La Argentina llegó a ser grande por un conjunto de valores claros y transparentes: la familia, la escuela, el trabajo, la palabra empeñada, la voluntad de grandeza aún en el disenso. Por el contrario, las conductas antisociales como las registradas anoche desvalorizan el espacio social y tergiversan el tejido social mismo. El país debe volver inmediatamente a estos valores que lo formaron y engrandecieron y que, no por casualidad, son los mismos que enriquecerán grandemente a la sociedad si se los vuelve a poner nuevamente en práctica.
Desde su obra The Wall, la banda Pink Floyd realiza una severa crítica al excesivo autoritarismo del sistema educativo inglés de la época de posguerra, tal como se ve reflejado en el tema "Otro ladrillo en la pared." La alternativa al autoritarismo no es el caos. Ambos extremos son insanos.

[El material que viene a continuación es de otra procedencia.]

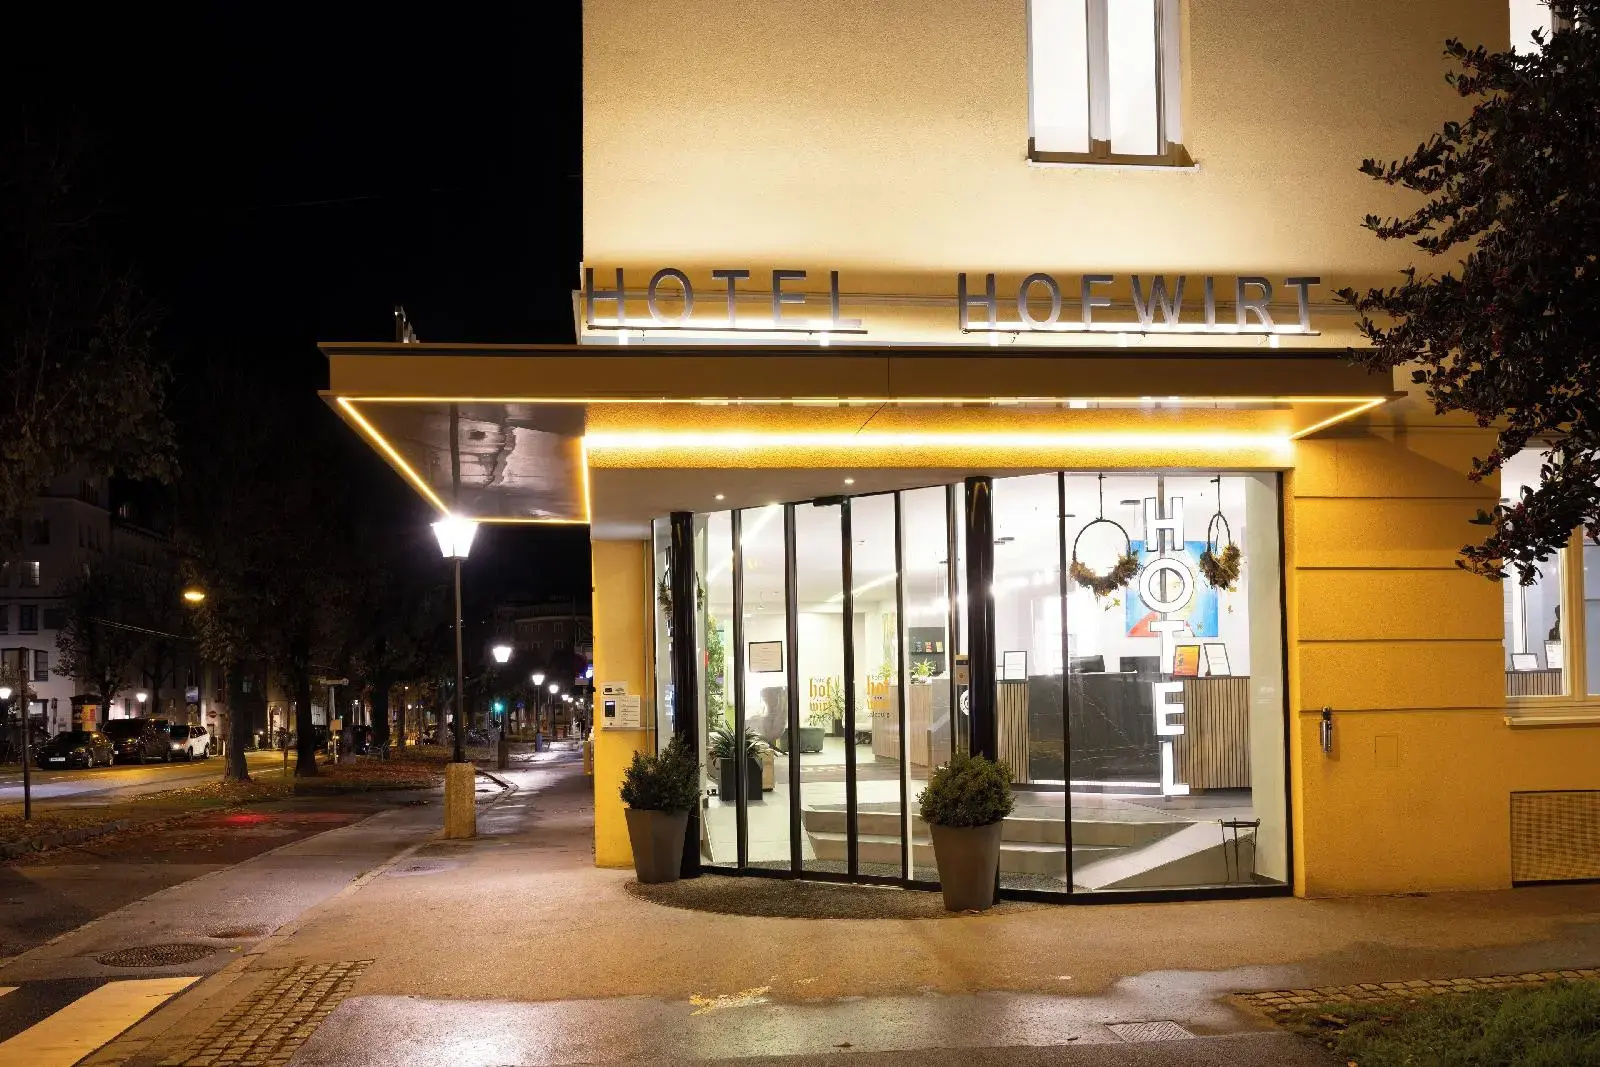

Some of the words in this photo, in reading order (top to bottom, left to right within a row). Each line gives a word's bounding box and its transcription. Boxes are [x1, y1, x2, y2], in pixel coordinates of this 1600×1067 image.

[586, 268, 863, 327] HOTEL
[958, 272, 1321, 332] HOFWIRT
[1139, 496, 1195, 796] HOTEL
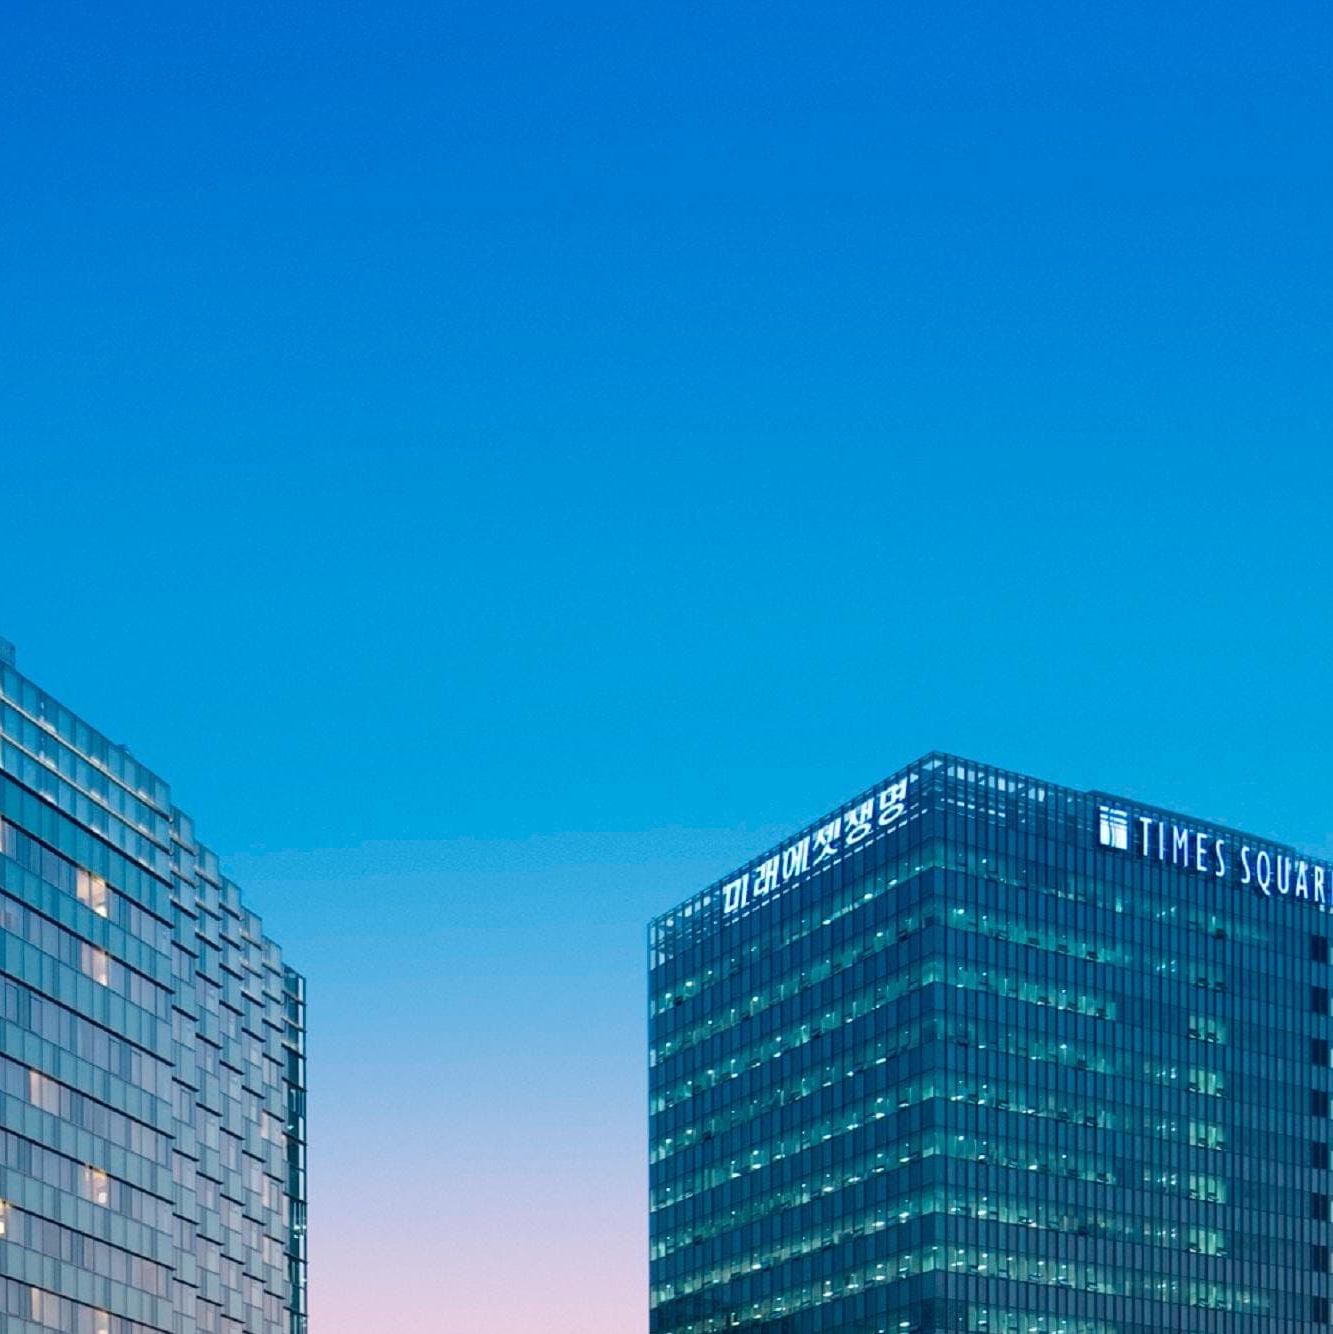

No es bueno no pensar, no reflexionar, no medir las consecuencias, hacer algo simplemente porque el otro lo está haciendo aunque sea de una demencia total como estos hechos que lamentablemente, insisto, llegan a ser "normales" en un país que parece haber perdido todo sentido no sólo de sus valores sino también de su dignidad.
¿Qué fue lo único que se logró? Que cada vez más padres porteños hagan denodados esfuerzos para ahorrar peso sobre peso y así poder anotar a sus hijos en escuelas privadas donde profesores capacitados instruirán responsablemente a sus educandos.